From these reviews, I would currently modify my term request for an MF term for Eed to something like what I've put below. It's possible that this term is broad enough to cover the allosteric activation activity that VEFS domain of SUZ12 possesses, however, it may be more appropriate to have different terms depending on what marks they bind. I would need to do more reading to understand the allosteric activitation activity of SUZ12.

Suggested term label: histone H3-K27 methyltransferase allosteric activator activity

Definition (free text) def: Binds to a repressive chromatin mark, including H3-K27me3, H3-K9me3, or H4-K20me3, and allosterically changes the configuration of the catalytic histone H3-K27 methyltransferase subunit such that the catalytic site is activated, enabling the enzyme to catalyze the transfer of a methyl group to lysine 27 of histone H3 (H3K27). [GOC:krc, PMID:15916951, PMID:17997413, PMID:33232890, PMID:31708574, PMID:22349693]

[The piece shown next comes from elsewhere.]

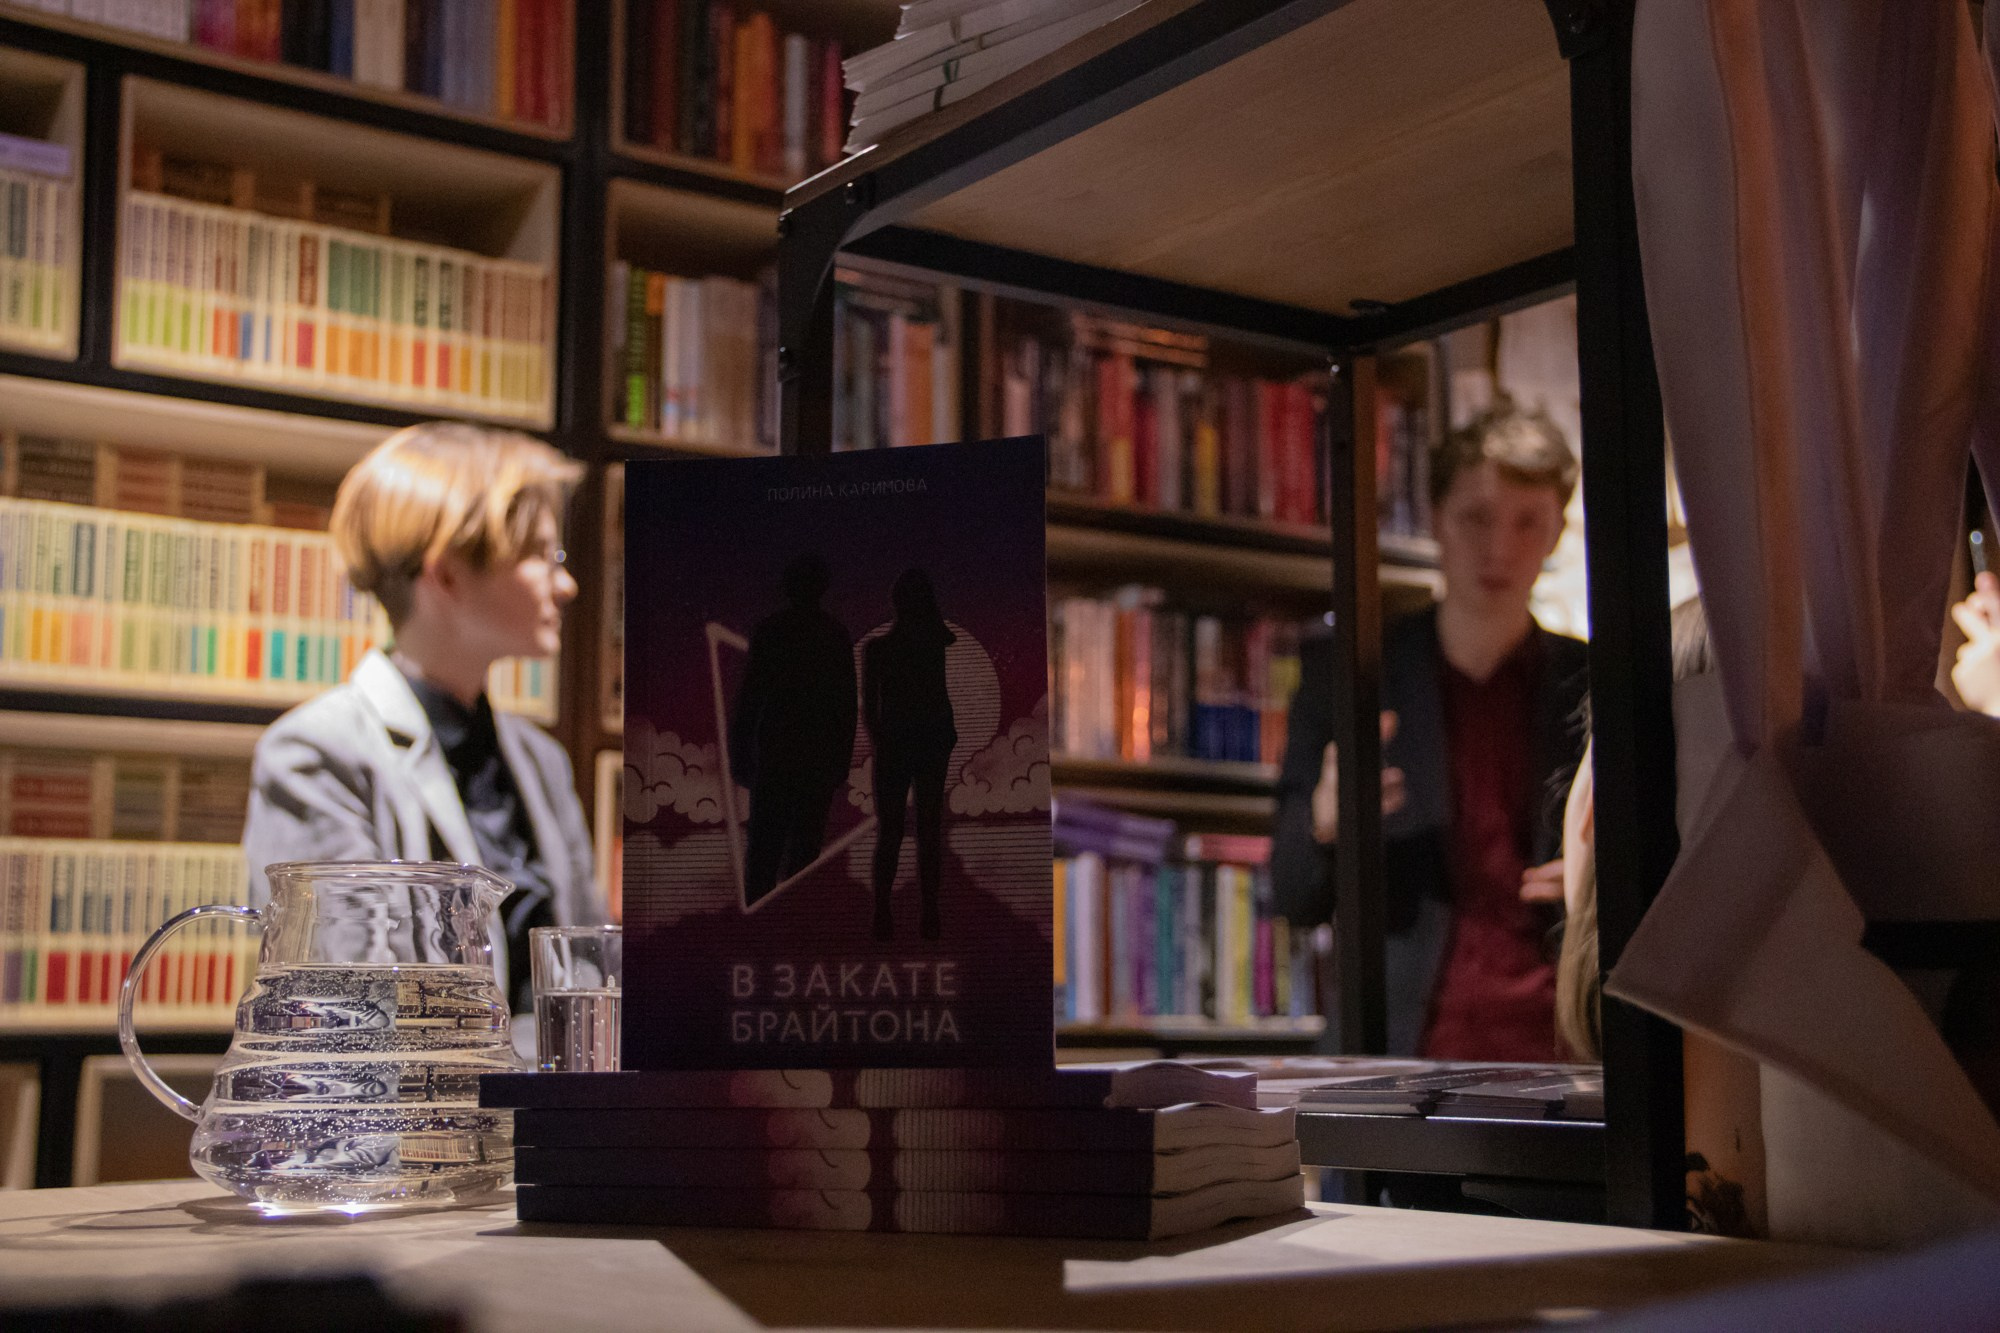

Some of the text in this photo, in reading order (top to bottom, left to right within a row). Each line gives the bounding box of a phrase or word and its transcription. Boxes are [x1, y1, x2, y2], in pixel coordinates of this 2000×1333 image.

[767, 478, 927, 502] ПОЛИНА КАРИМОВА
[732, 963, 956, 997] В ЗАКАТЕ
[732, 1003, 960, 1042] БРАЙТОНА

Reference, in format PMID:####### (REQUIRED) PMID:15916951 - Montgomery ND, et al. 2005. The murine polycomb group protein Eed is required for global histone H3 lysine-27 methylation. Curr Biol. 15(10):942-7 PMID:17997413 - Montgomery ND, et al. 2007. Molecular and functional mapping of EED motifs required for PRC2-dependent histone methylation. J Mol Biol. 374(5):1145-57 PMID:33232890 - Glancy E, et al. 2021. Structural basis for PRC2 engagement with chromatin. Curr Opin Struct Biol. 2021 Apr;67:135-144. PMID:31708574 - Chammas P, et al. 2020. Engaging chromatin: PRC2 structure meets function. Br J Cancer. 122(3):315-328. PMID:22349693 - O'Meara MM & Simon JA. 2012. Inner workings and regulatory inputs that control Polycomb repressive complex 2. Chromosoma. 2012 Jun;121(3):221-34.

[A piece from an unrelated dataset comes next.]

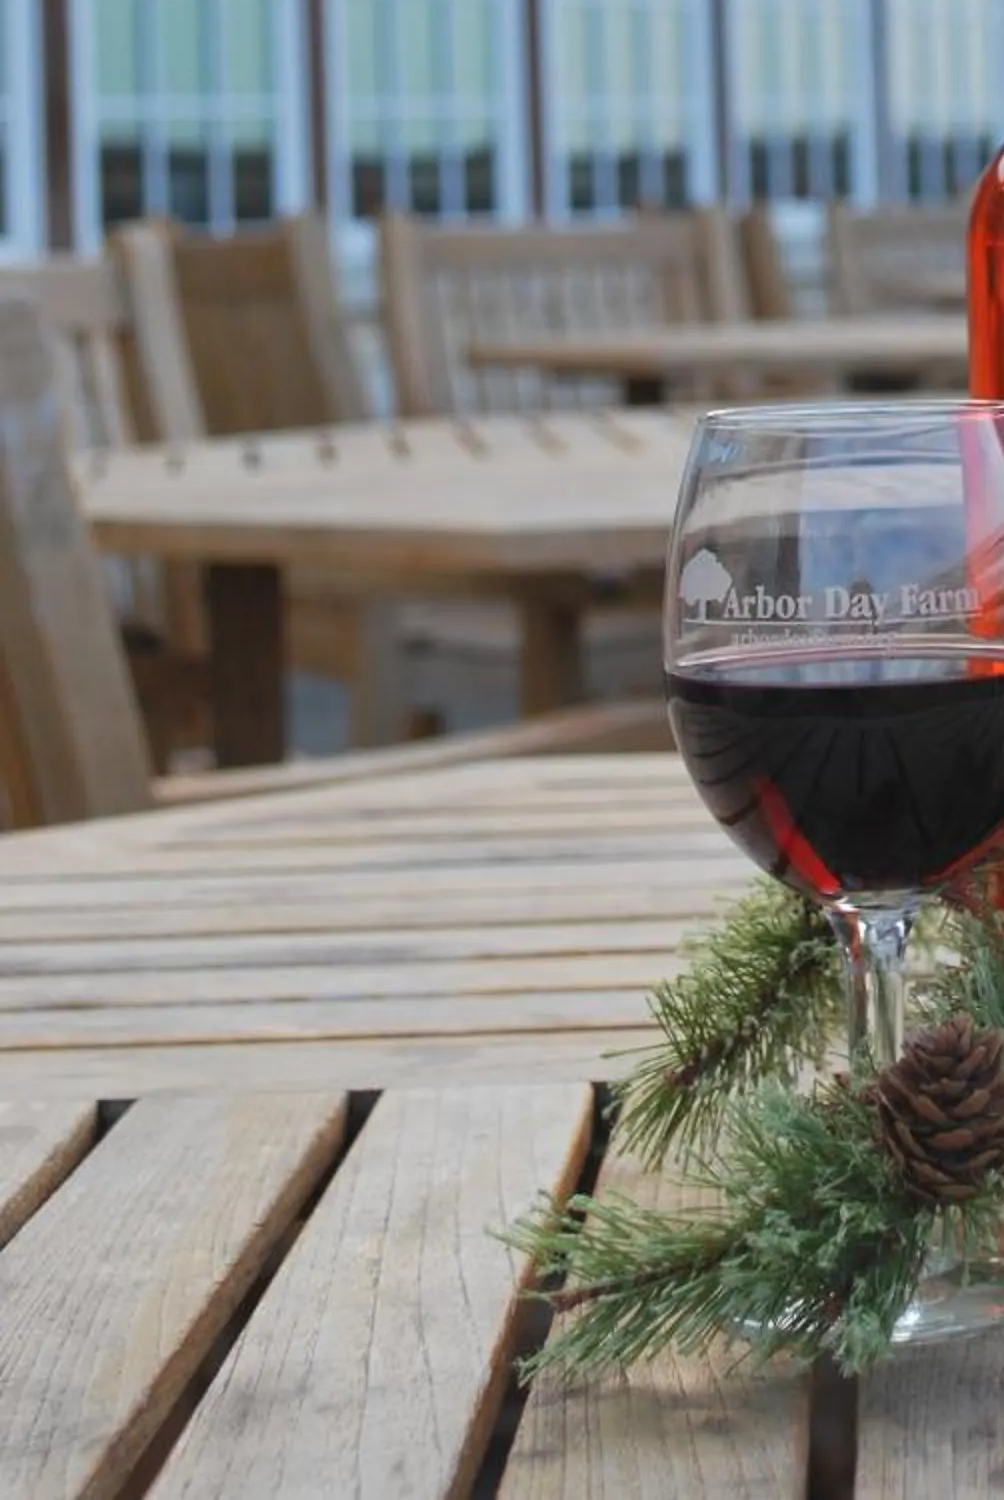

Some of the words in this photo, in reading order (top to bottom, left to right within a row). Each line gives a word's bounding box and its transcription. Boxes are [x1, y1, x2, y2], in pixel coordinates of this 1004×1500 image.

[722, 585, 814, 619] Arbor
[824, 586, 891, 624] Day
[900, 584, 983, 617] Farm

Chammas P, Mocavini I, Di Croce L. 2020. Engaging chromatin: PRC2 structure meets function. Br J Cancer. 122(3):315-328. PMID:31708574


Glancy E, Ciferri C, Bracken AP. 2021. Structural basis for PRC2 engagement with chromatin. Curr Opin Struct Biol. 2021 Apr;67:135-144. PMID:33232890


O'Meara MM & Simon JA. 2012. Inner workings and regulatory inputs that control Polycomb repressive complex 2. Chromosoma. 2012 Jun;121(3):221-34. PMID:22349693

Inputs to EZH2 from core partner subunits

ValWood commented 1 month ago

that EED is a core subunit of the complex, therefore it cannot act as a regulator.

Aside: Is that a rule? We have lots of enzyme regulators that are core subunits of the complex?

dolichol-phosphate-mannose synthase complex (GO:0033185) RNA decapping complex (GO:0098745) NatA complex cyclin dependent kinases hundreds...

Is Colin's comment confusing MF regulator with "regulation of process"

pgaudet commented 1 month ago

Aside: Is that a rule? We have lots of enzyme regulators that are core subunits of the complex?

I also thought a regulator could be part of the core complex.

pgaudet commented 1 month ago

I think my comment above was intended a bit differently:

I looked at this with @colinlog , and he notes that EED is a core subunit of the complex, therefore it cannot act as a regulator.

We were proposing it's a scaffold; but not that because it's a core subunit, it cannot be a regulator.

deustp01 commented 1 month ago

We were proposing it's a scaffold; but not that because it's a core subunit, it cannot be a regulator.

Even then, do we want these exclusive categories, e.g., a gene product can only ever enable one thing, so a structural component cannot also be a regulator cannot also enable whatever the function of the complex is?